I love the hood......awesome job on your creep.....


----------



## Daphne (Oct 18, 2006)

I like the hood option. He looks great!


----------



## Hauntiholik (May 17, 2006)

I like both. The head piece is unique which differentiates it from other props. The hood is also great and gives it that classic reaper look.


----------



## Spooky1 (Aug 25, 2008)

I think the hood gives him a creepier look.


----------



## IMU (Apr 8, 2009)

I like the hood just a tad bit more ... but both would work!


----------



## RoxyBlue (Oct 6, 2008)

Hoodie, hoodie, hoodie!


----------



## hedg12 (Jul 6, 2008)

One more for the hood!


----------



## heresjohnny (Feb 15, 2006)

First of all, this turned out great! I would keep the sleepy eye, and maybe make it worse. I also prefer the hood, but like Mr Chicken said I think the hood and cloak would look better with some texture and layers, creepy cloth or something similar would really raise the creepy factor in my opinion. I would also thin out the material and introduce a lot of tearing and shredding so more of the skull and the posture show through, kinda like he had been chained to the cauldron for centuries and his clothing was becoming threadbare.

Regardless, this thing rocks.


----------



## samseide (Jun 1, 2010)

problem with the hood I think will be it will put the skull in shadow at night unless he gets a spot on it. would be cool to hide a spot in the cauldron that illuminated the skull so you could use the hood, cause I like it!


----------



## Dr Morbius (Sep 21, 2004)

I like the look of the hood, but it kinda hides the motion of the skull. I vote headpiece for this particular prop, just to show off the 3 axis motion. 

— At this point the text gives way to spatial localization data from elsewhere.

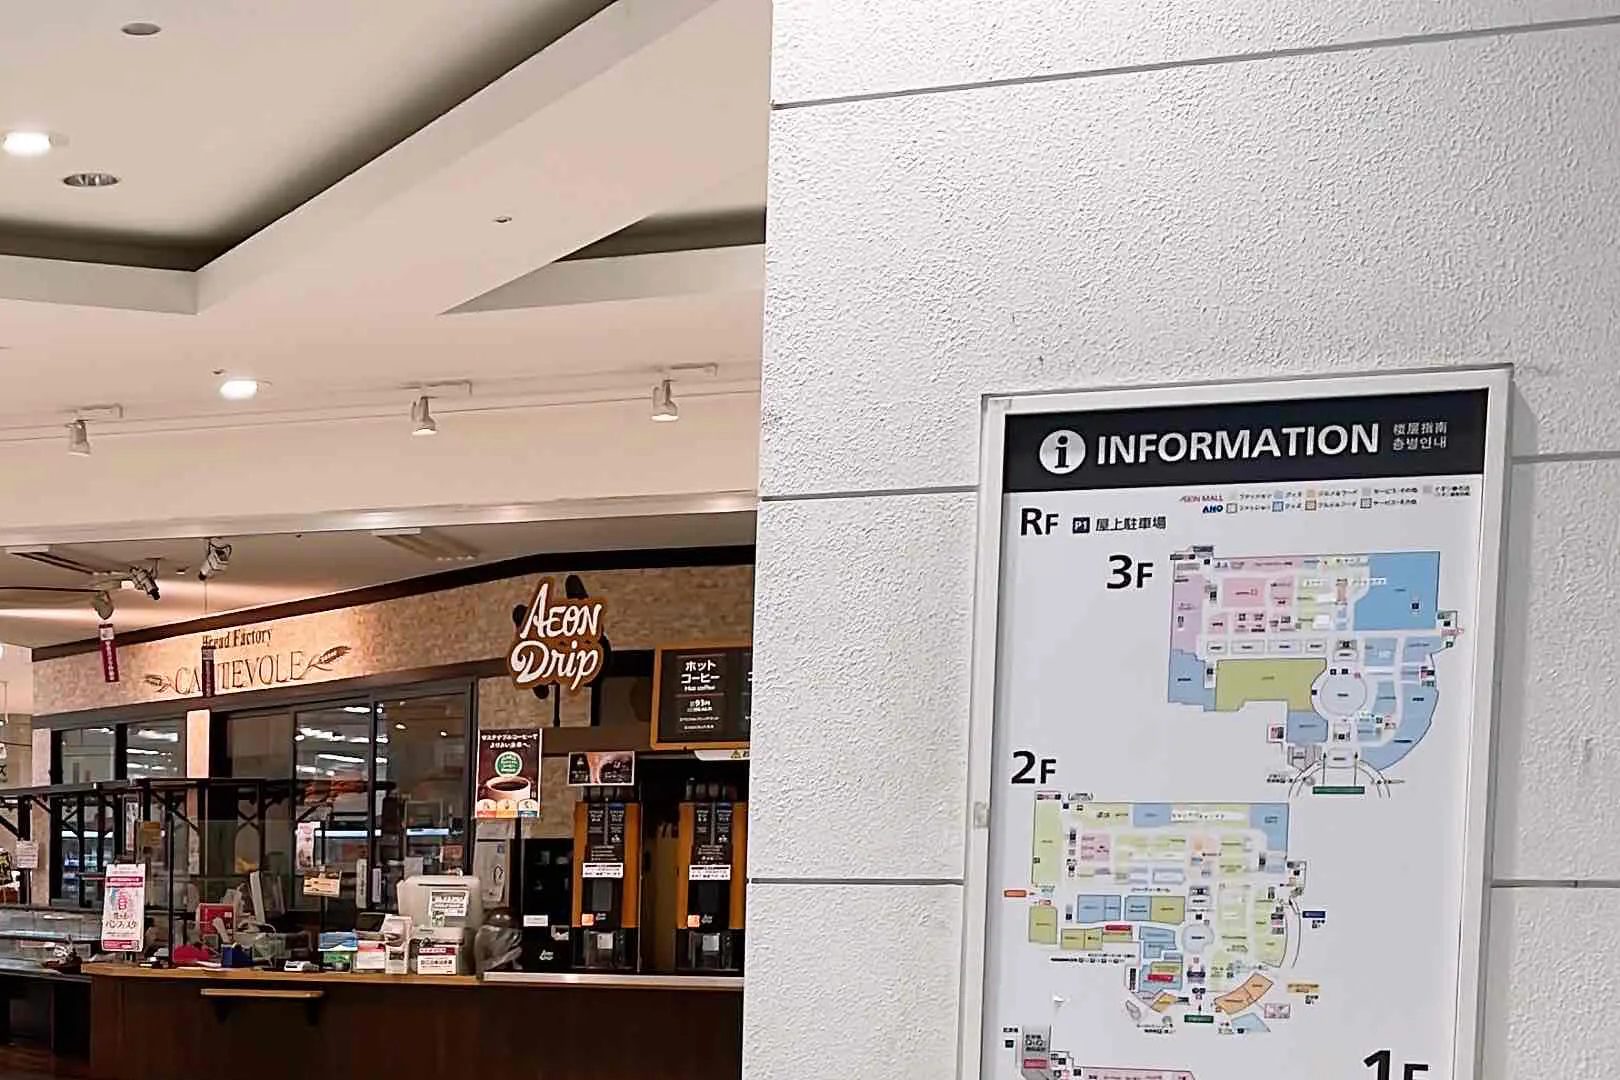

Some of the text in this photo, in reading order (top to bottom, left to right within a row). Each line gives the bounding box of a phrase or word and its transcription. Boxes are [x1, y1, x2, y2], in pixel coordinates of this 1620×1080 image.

[1097, 423, 1379, 465] INFORMATION
[1021, 508, 1059, 536] RF
[1107, 555, 1153, 589] 3F
[233, 628, 272, 647] Factory
[175, 650, 306, 695] CATEVOLE
[511, 640, 598, 690] Drip
[681, 673, 720, 684] コーヒー
[685, 660, 717, 671] ホット
[1011, 750, 1057, 784] 2F

BTW, I do believe this is the first time a prop has asked advice about itself in my recent memory. I LOL'd out loud.


----------



## dynoflyer (Oct 8, 2006)

I like them both. I think your lighting will make a big difference. Under lighting would make the hood better, the head dress would need down lighting from above. Down lighting isn't as creepy, IMHO. Just a thought, that is a great prop either way!


----------



## dave the dead (Jan 31, 2007)

Definitely the Fez! How can you go wrong with a skeleton in a fez? 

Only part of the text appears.